● **Work order**: Your response should consist of the entries below, reproduced exactly and without their images.

● **Dataset**:
•••
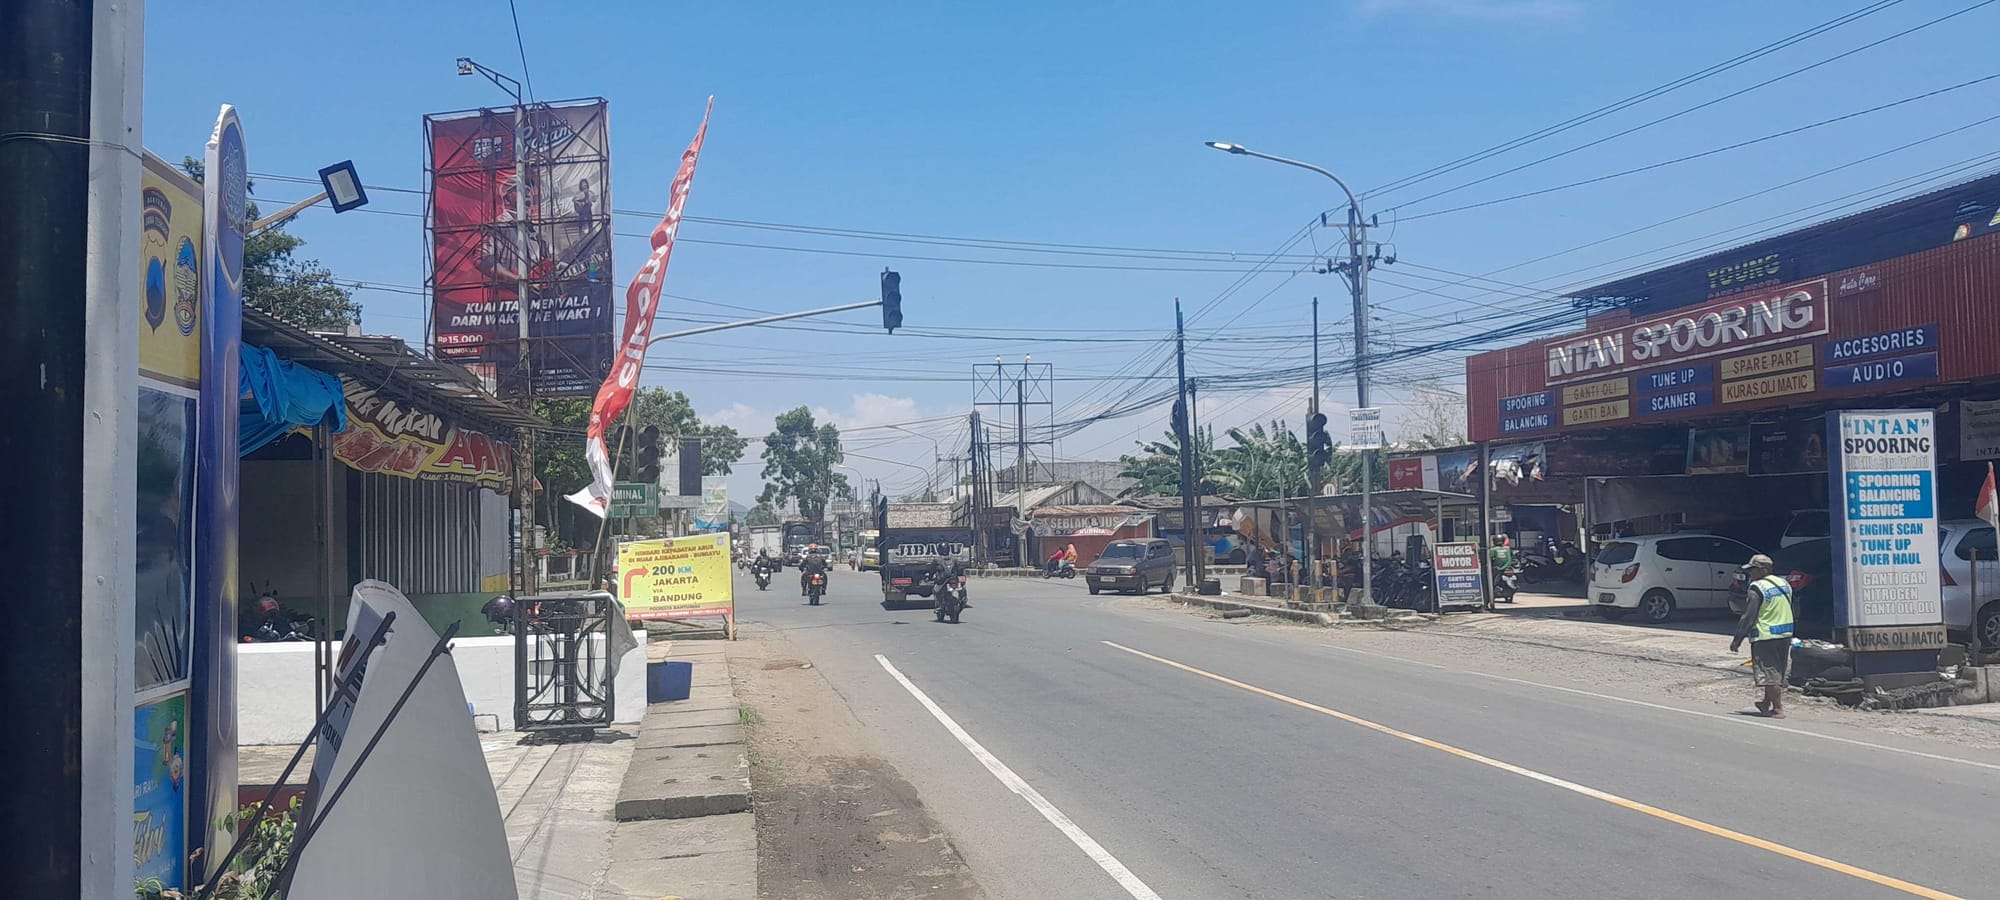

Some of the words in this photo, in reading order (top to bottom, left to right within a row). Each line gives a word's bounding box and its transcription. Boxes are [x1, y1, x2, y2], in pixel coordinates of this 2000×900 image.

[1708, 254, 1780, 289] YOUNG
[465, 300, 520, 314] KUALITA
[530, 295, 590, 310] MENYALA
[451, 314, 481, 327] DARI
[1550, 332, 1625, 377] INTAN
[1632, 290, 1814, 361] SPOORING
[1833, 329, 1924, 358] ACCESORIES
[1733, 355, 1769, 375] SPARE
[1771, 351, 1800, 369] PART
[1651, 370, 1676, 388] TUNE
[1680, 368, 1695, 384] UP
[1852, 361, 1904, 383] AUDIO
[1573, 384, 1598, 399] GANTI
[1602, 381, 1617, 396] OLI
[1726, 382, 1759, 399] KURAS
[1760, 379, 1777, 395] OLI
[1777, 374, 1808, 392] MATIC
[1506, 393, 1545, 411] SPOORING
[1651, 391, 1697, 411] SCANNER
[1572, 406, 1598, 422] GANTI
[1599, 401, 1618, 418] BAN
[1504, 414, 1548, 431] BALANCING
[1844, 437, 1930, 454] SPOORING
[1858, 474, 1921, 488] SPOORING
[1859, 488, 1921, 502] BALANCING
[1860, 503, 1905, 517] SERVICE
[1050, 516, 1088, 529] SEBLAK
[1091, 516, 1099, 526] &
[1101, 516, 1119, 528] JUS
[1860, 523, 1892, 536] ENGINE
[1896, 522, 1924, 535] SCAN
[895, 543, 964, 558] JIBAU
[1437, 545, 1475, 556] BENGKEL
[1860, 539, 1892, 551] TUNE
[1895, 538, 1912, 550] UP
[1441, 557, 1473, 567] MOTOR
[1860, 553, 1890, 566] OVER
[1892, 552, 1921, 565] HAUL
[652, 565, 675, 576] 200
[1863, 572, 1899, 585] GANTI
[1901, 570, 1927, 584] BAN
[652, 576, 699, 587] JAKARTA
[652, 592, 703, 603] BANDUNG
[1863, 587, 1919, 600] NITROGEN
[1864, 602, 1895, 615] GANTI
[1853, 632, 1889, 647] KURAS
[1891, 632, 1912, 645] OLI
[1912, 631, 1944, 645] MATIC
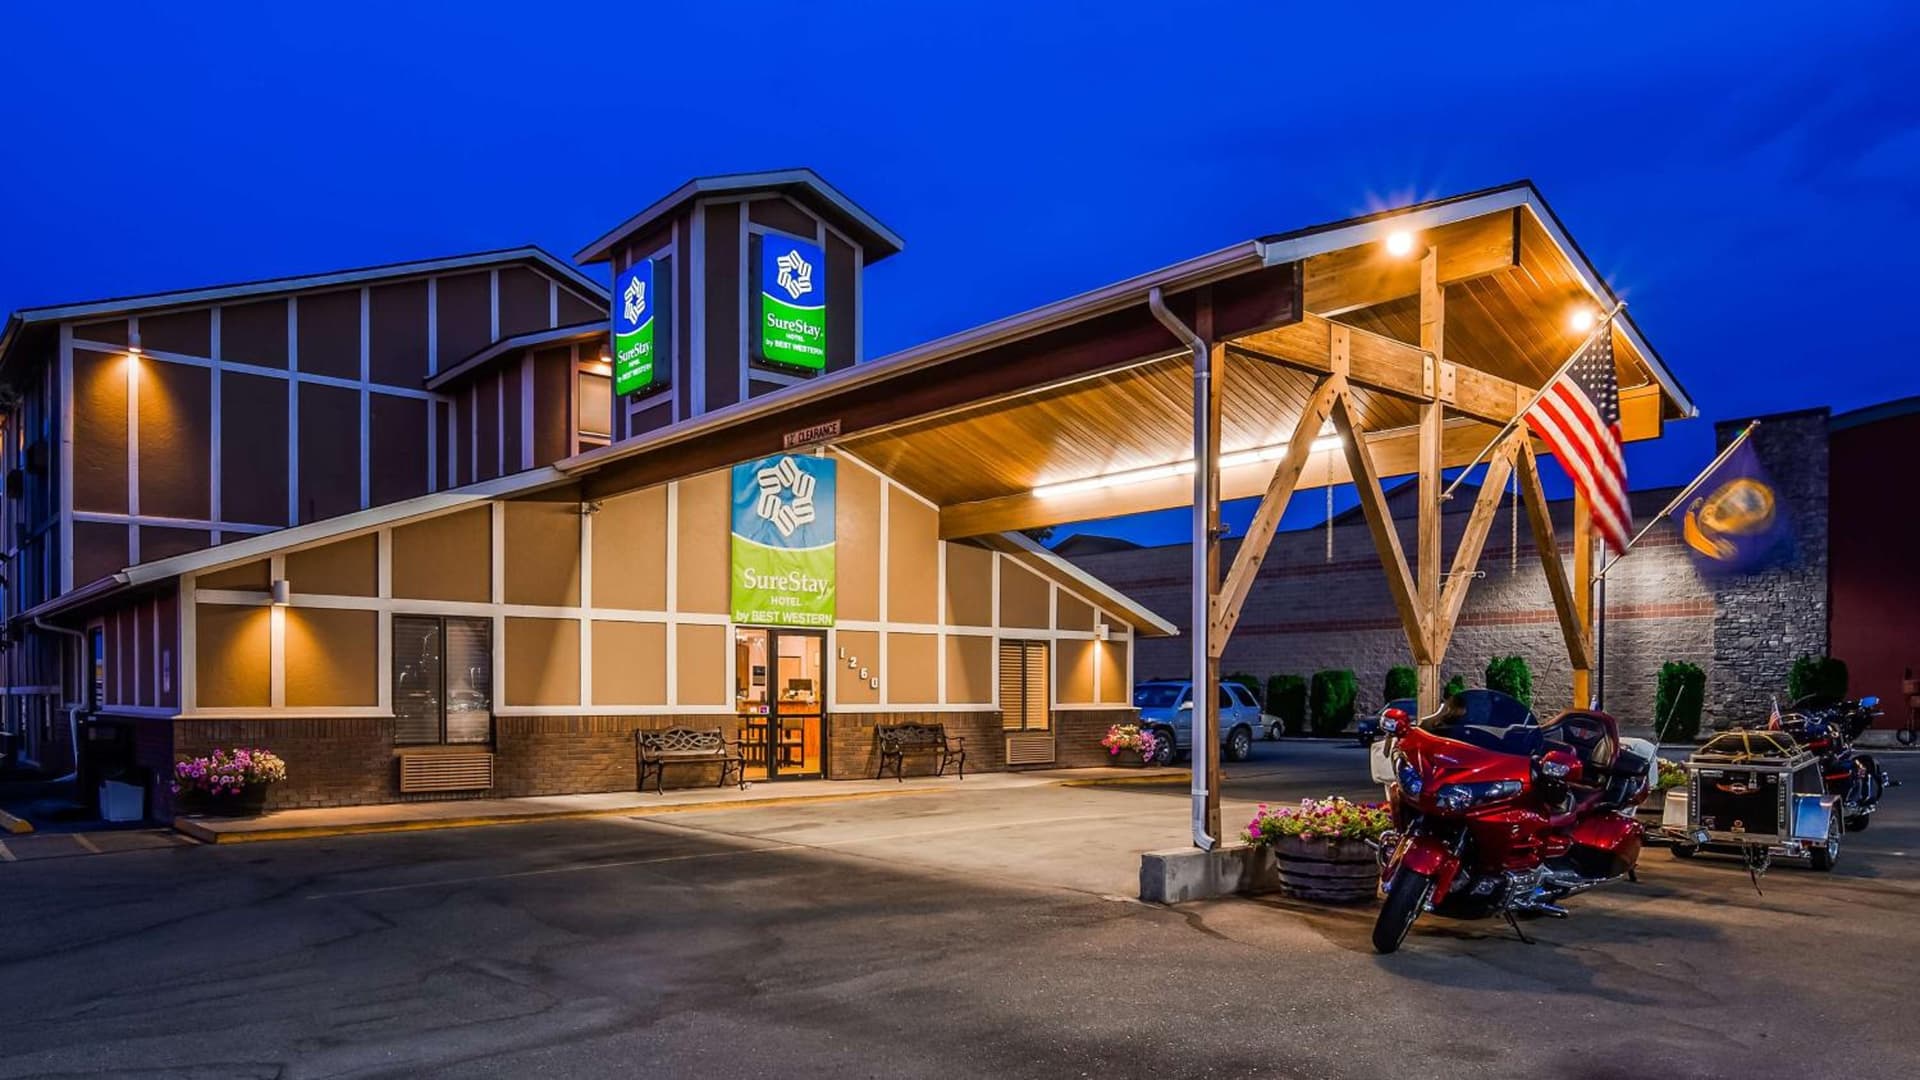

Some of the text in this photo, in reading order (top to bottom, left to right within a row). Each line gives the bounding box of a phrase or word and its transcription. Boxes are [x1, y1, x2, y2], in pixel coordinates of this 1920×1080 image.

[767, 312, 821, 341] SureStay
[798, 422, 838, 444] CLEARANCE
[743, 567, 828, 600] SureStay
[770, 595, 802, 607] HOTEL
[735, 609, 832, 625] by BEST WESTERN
•••
● **Response**:
Some of the words in this photo, in reading order (top to bottom, left to right within a row). Each line gives a word's bounding box and its transcription. Boxes are [x1, y1, x2, y2], in pixel coordinates of this 2000×900 image.

[1708, 254, 1780, 289] YOUNG
[465, 300, 520, 314] KUALITA
[530, 295, 590, 310] MENYALA
[451, 314, 481, 327] DARI
[1550, 332, 1625, 377] INTAN
[1632, 290, 1814, 361] SPOORING
[1833, 329, 1924, 358] ACCESORIES
[1733, 355, 1769, 375] SPARE
[1771, 351, 1800, 369] PART
[1651, 370, 1676, 388] TUNE
[1680, 368, 1695, 384] UP
[1852, 361, 1904, 383] AUDIO
[1573, 384, 1598, 399] GANTI
[1602, 381, 1617, 396] OLI
[1726, 382, 1759, 399] KURAS
[1760, 379, 1777, 395] OLI
[1777, 374, 1808, 392] MATIC
[1506, 393, 1545, 411] SPOORING
[1651, 391, 1697, 411] SCANNER
[1572, 406, 1598, 422] GANTI
[1599, 401, 1618, 418] BAN
[1504, 414, 1548, 431] BALANCING
[1844, 437, 1930, 454] SPOORING
[1858, 474, 1921, 488] SPOORING
[1859, 488, 1921, 502] BALANCING
[1860, 503, 1905, 517] SERVICE
[1050, 516, 1088, 529] SEBLAK
[1091, 516, 1099, 526] &
[1101, 516, 1119, 528] JUS
[1860, 523, 1892, 536] ENGINE
[1896, 522, 1924, 535] SCAN
[895, 543, 964, 558] JIBAU
[1437, 545, 1475, 556] BENGKEL
[1860, 539, 1892, 551] TUNE
[1895, 538, 1912, 550] UP
[1441, 557, 1473, 567] MOTOR
[1860, 553, 1890, 566] OVER
[1892, 552, 1921, 565] HAUL
[652, 565, 675, 576] 200
[1863, 572, 1899, 585] GANTI
[1901, 570, 1927, 584] BAN
[652, 576, 699, 587] JAKARTA
[652, 592, 703, 603] BANDUNG
[1863, 587, 1919, 600] NITROGEN
[1864, 602, 1895, 615] GANTI
[1853, 632, 1889, 647] KURAS
[1891, 632, 1912, 645] OLI
[1912, 631, 1944, 645] MATIC

Some of the text in this photo, in reading order (top to bottom, left to right within a row). Each line gives the bounding box of a phrase or word and its transcription. Boxes are [x1, y1, x2, y2], in pixel coordinates of this 1920×1080 image.

[767, 312, 821, 341] SureStay
[798, 422, 838, 444] CLEARANCE
[743, 567, 828, 600] SureStay
[770, 595, 802, 607] HOTEL
[735, 609, 832, 625] by BEST WESTERN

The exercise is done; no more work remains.